UNCTAD addresses these issues in The Least Developed Countries Report 2008: Growth, Poverty and the Terms of Development Partnership. The study argues that enhancing country ownership of national development strategies is the key to improving the terms of the development partnership in the poorest countries. At present this is being undermined not simply by misalignment of aid with national strategies, but also through: (i) weak technical capacities together with strong incentives to anticipate and internalize donor priorities in policy formulation; and (ii) the prioritization of donor agendas in policy implementation through the working of policy conditionality, administrative guidance via monitoring indicators and selectivity in donor financing choices. In effect, most second-generation PRSPs in the LDCs are so broadly defined and so weakly embedded in a strategic choice that there is an ownership frontier within the PRSP. Part of the policy agenda is strongly owned by national Governments, part by donors, and in between there is a shifting zone of consensus policies.

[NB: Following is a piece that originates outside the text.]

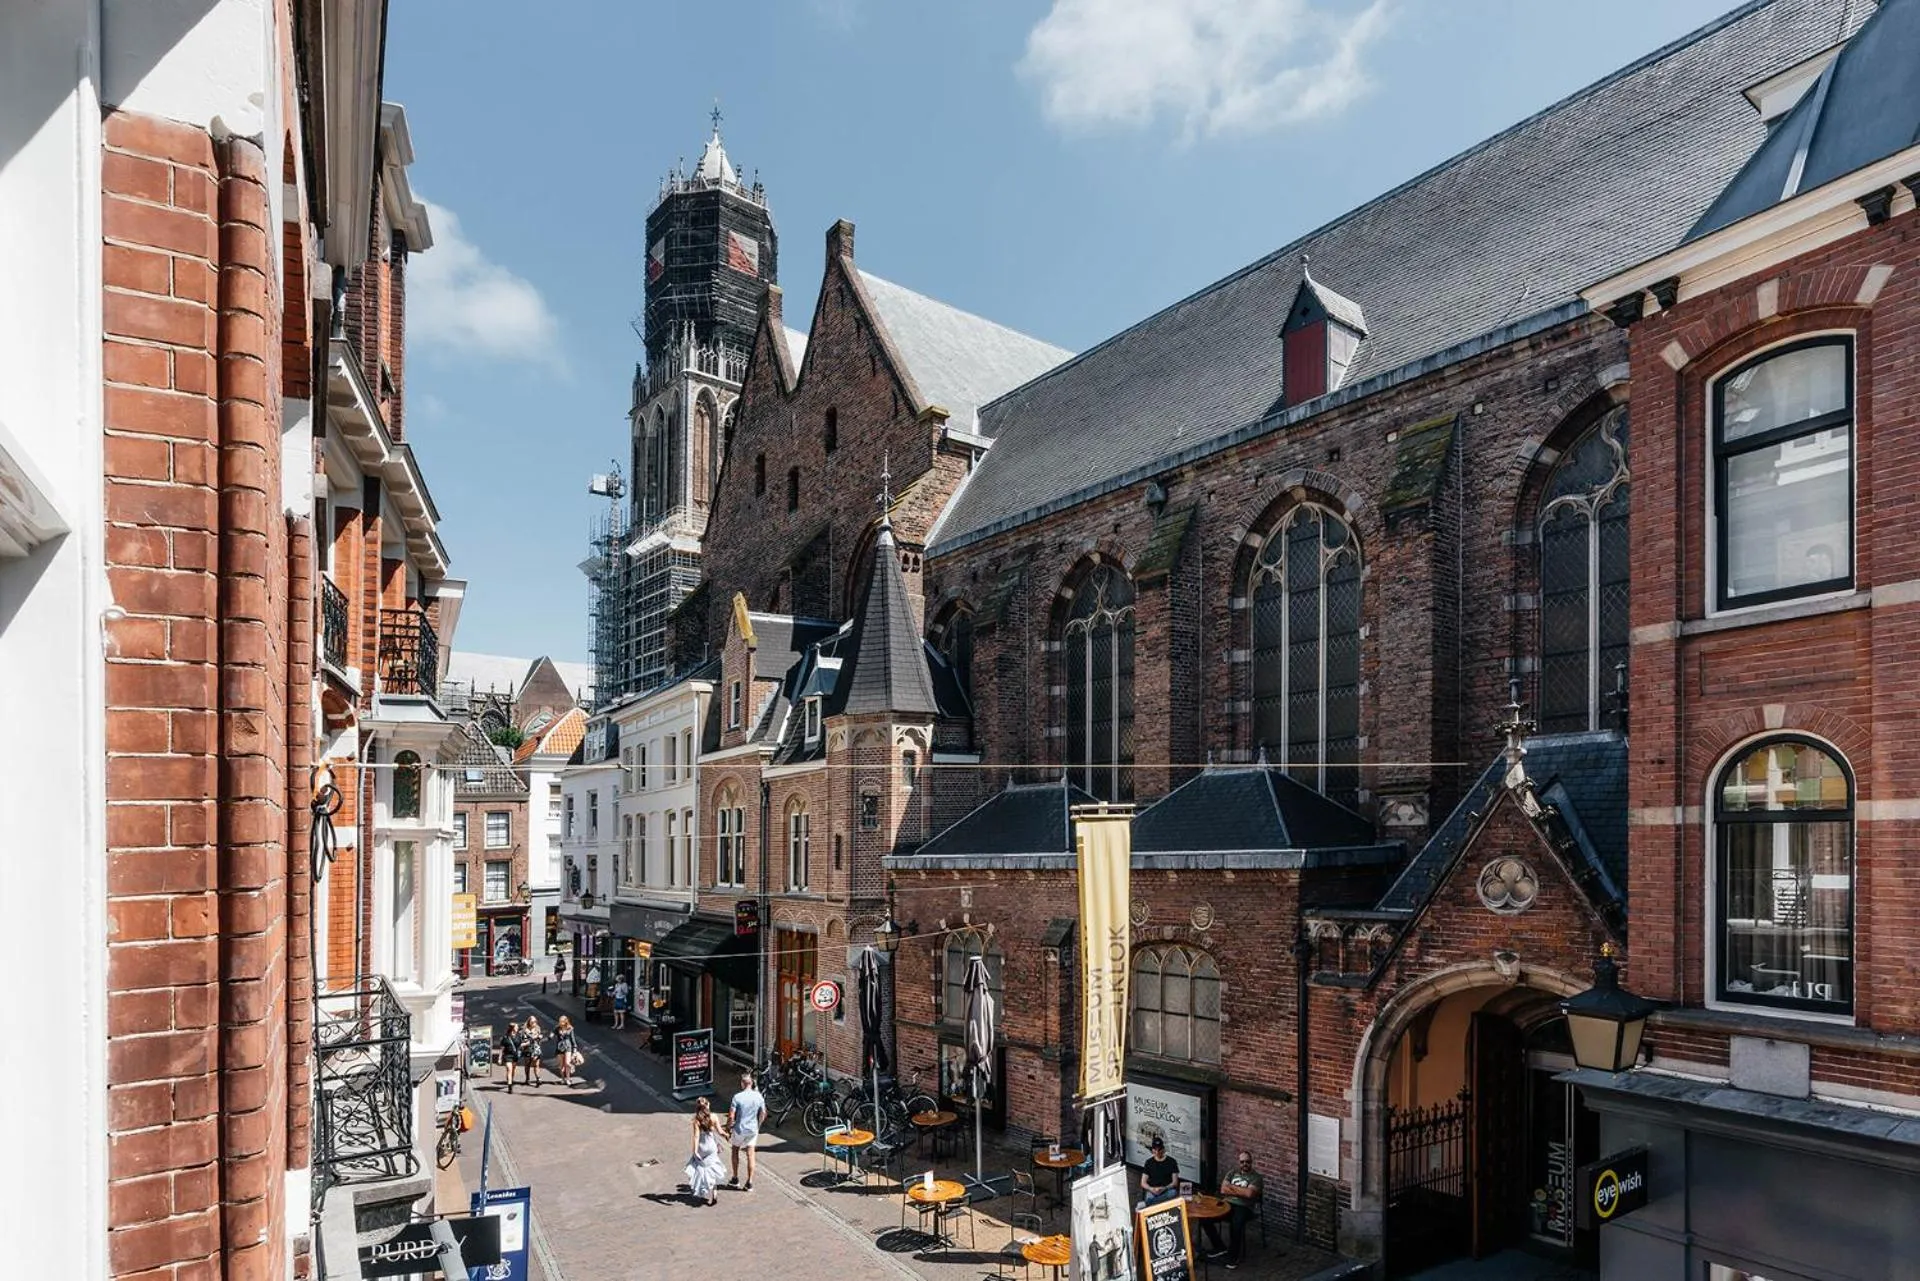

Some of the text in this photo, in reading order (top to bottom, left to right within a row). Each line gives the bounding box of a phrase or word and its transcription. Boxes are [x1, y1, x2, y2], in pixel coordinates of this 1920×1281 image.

[1089, 968, 1103, 1085] MUSEUM
[1133, 1096, 1169, 1112] MUSEUM
[1547, 1141, 1566, 1233] MUSEUM

Enhancing country ownership of national development strategies is a complex task. But the production of development knowledge is an essential element. Independent thought rooted in local realities as well as local experimentation can provide the basis for policy pluralism and home-grown development solutions. Yet local knowledge and practices are marginalized by the current way in which development knowledge is produced. How donors and research financing bodies can support the evolution of stronger domestic knowledge systems and promote networking to share experiences is a vital question. In itself, this will not be enough to create a situation where national Governments can take the lead and freely choose the strategies and policies which they design and implement. But without a stronger domestic knowledge base, improvements in the terms of development partnership will remain an elusive goal.
Further Reading
UNCTAD (2008) The Least Developed Countries Report, 2008. Growth, Poverty and the Terms of Development Partnership.